Now, over to Cameron:

IPSWICH
Pearl of cities! Depending of course on the value of the pearl in question, whether the value of the pearl is greater than or equal to the value of Brisbane!
IPSWICH
Oldest city in Queensland! Old that is from a human perspective but taken in the grand scheme of the universe and everything in it is barely greater than a speck of dust in the desert!
IPSWICH
King of railway! That is assuming that railways have kings! Dynasties! Royal families! Courtly protocol! The Feudal System! That is assuming that freight trains are the proletariet and passenger trains are the bourgeoisie! Perhaps the trains are all actually Republicans!
IPSWICH
Home of an excellent art gallery that is both artistic and excellent and possibly a number of other adjectives also though one must not be too specific when it comes to art!
IPSWICH
Home of a thriving cafe culture!

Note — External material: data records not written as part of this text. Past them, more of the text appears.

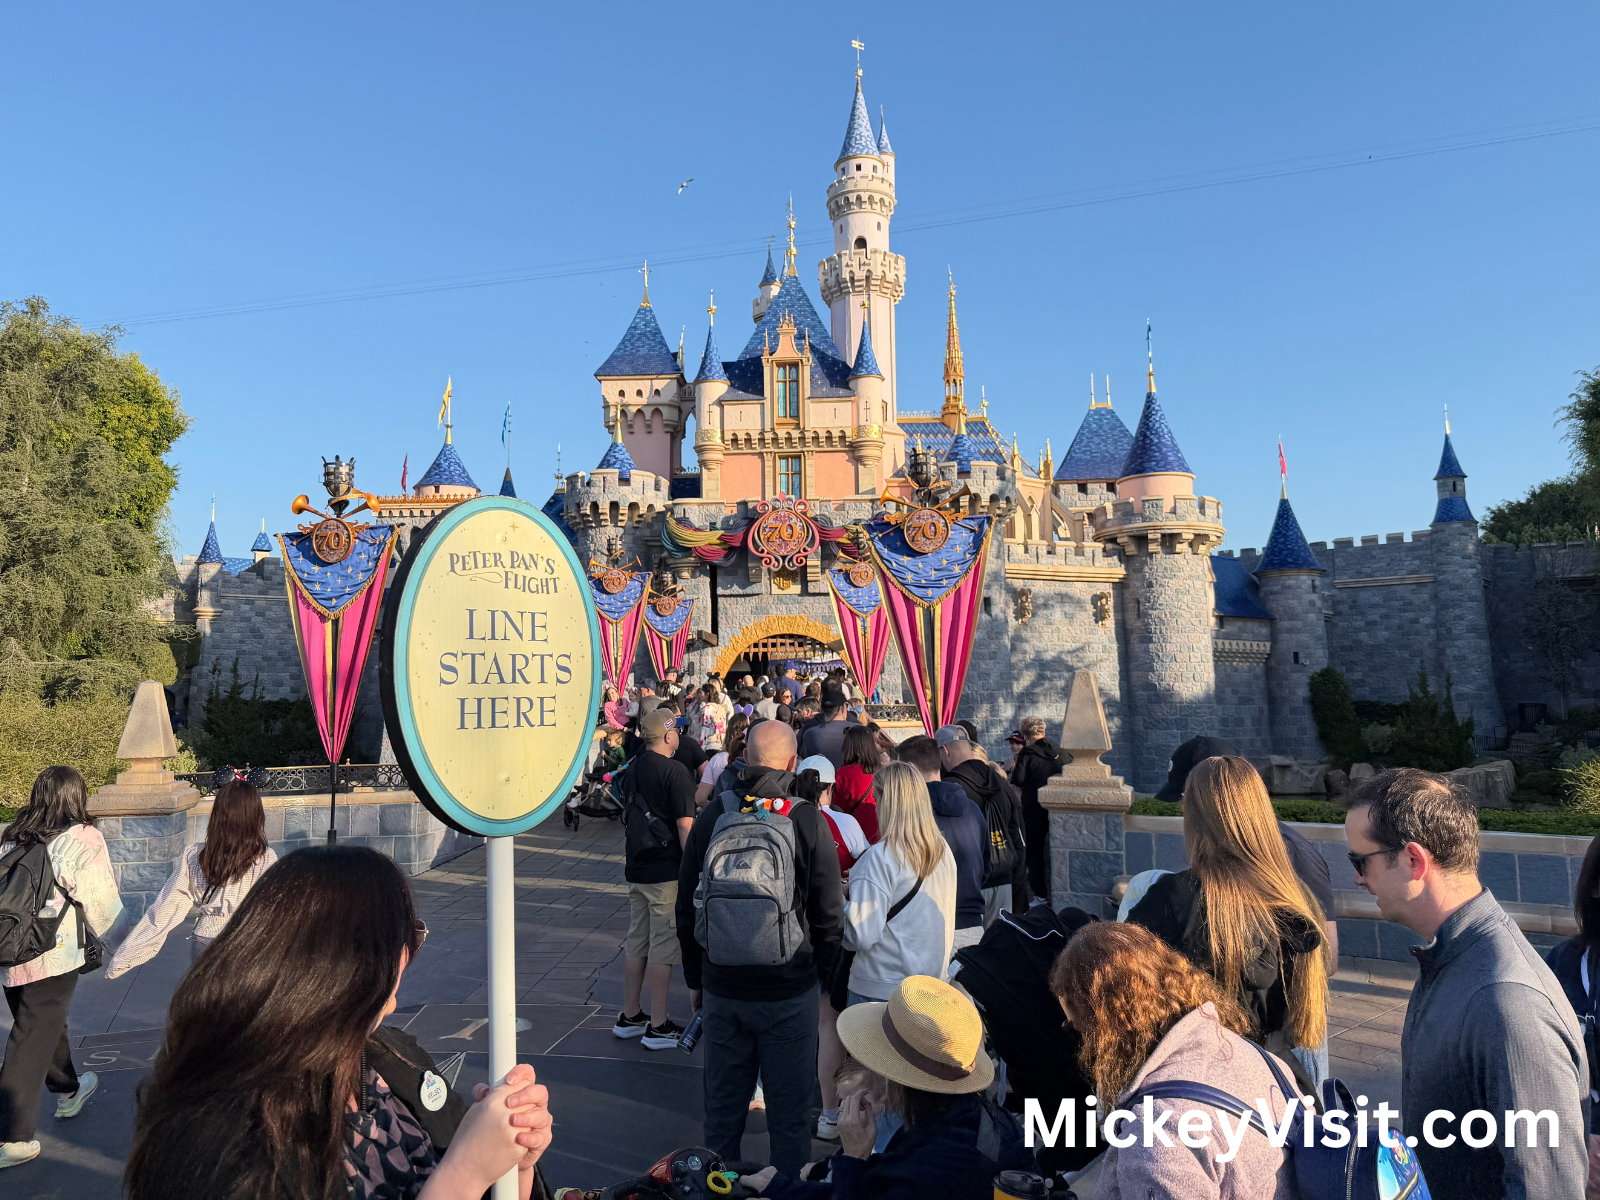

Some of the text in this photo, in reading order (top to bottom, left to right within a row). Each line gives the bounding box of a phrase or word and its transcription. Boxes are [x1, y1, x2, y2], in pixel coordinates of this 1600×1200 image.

[317, 532, 346, 550] 70
[767, 522, 799, 542] 70
[911, 520, 942, 541] 70
[447, 549, 556, 575] PETER PAN'S
[503, 569, 561, 595] FLIGHT
[605, 576, 624, 587] 70
[854, 569, 871, 580] 70
[660, 601, 672, 611] 70
[465, 608, 549, 644] LINE
[438, 650, 572, 687] STARTS
[456, 694, 557, 730] HERE
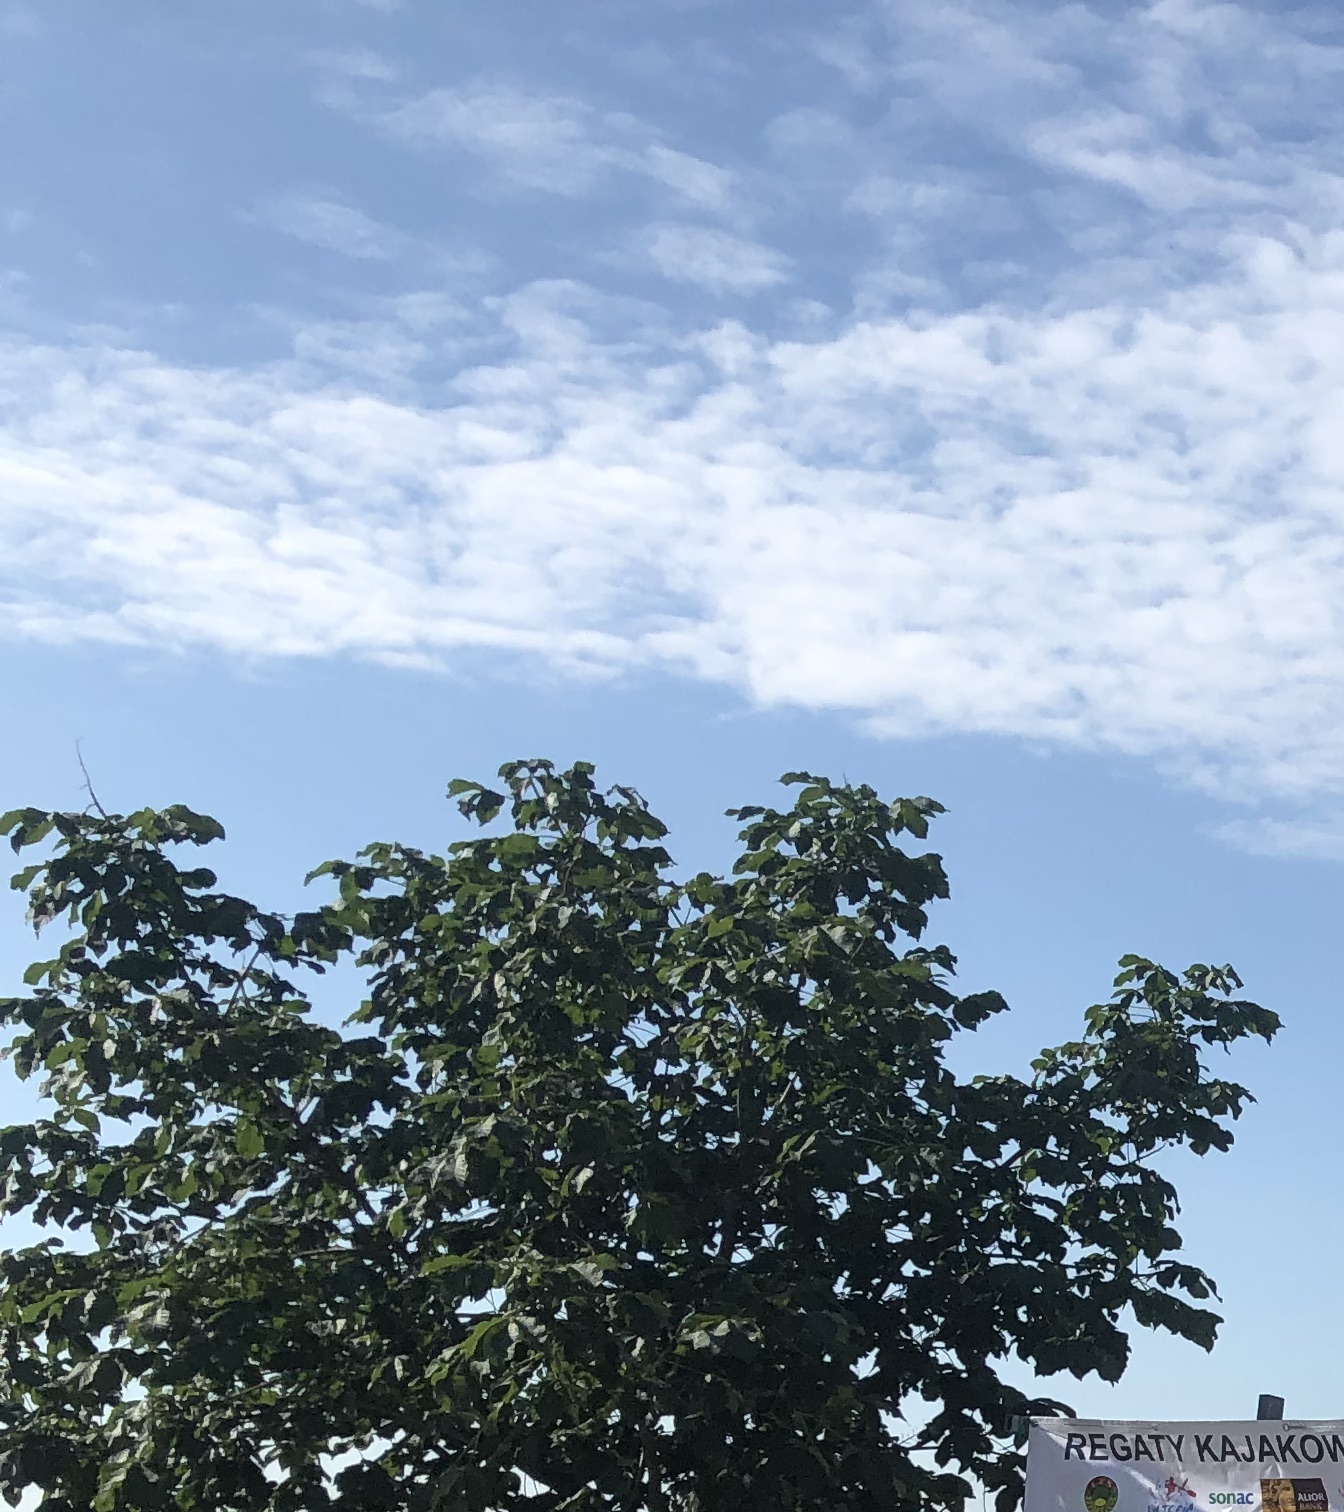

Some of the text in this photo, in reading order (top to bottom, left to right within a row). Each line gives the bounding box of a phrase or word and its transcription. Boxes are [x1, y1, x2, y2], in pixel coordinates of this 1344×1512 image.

Though that’s not to say that cafes have their own languages, customs and migration patterns!
IPSWICH
Home to many great bush poets and also a few bad ones!
IPSWICH
Home of the free, and home of the brave, and also home to those who are both, and also home to those who are neither, and also home to those who believe that freedom and bravery are subjective variables, and also home to whoever it was who stole my car tires twice!
IPSWICH
Where the pubs are heritage listed, to ensure that future generations can get drunk and say they are contributing on a cultural level!
IPSWICH
Home of a shopping mall that everyone pretends to hate even though they really don’t ’cause it’s trendy to complain about urban sprawl!
IPSWICH

I like Ipswich.

**********

Cameron is a hybrid of farm labourer and perpetual arts degree monkey. He enjoys slam poetry, page poetry and most garden varieties of spoken word. He likes long walks across arctic tundra and shouting at people in cafes. In his spare time he tries to think of the least original thought in the world.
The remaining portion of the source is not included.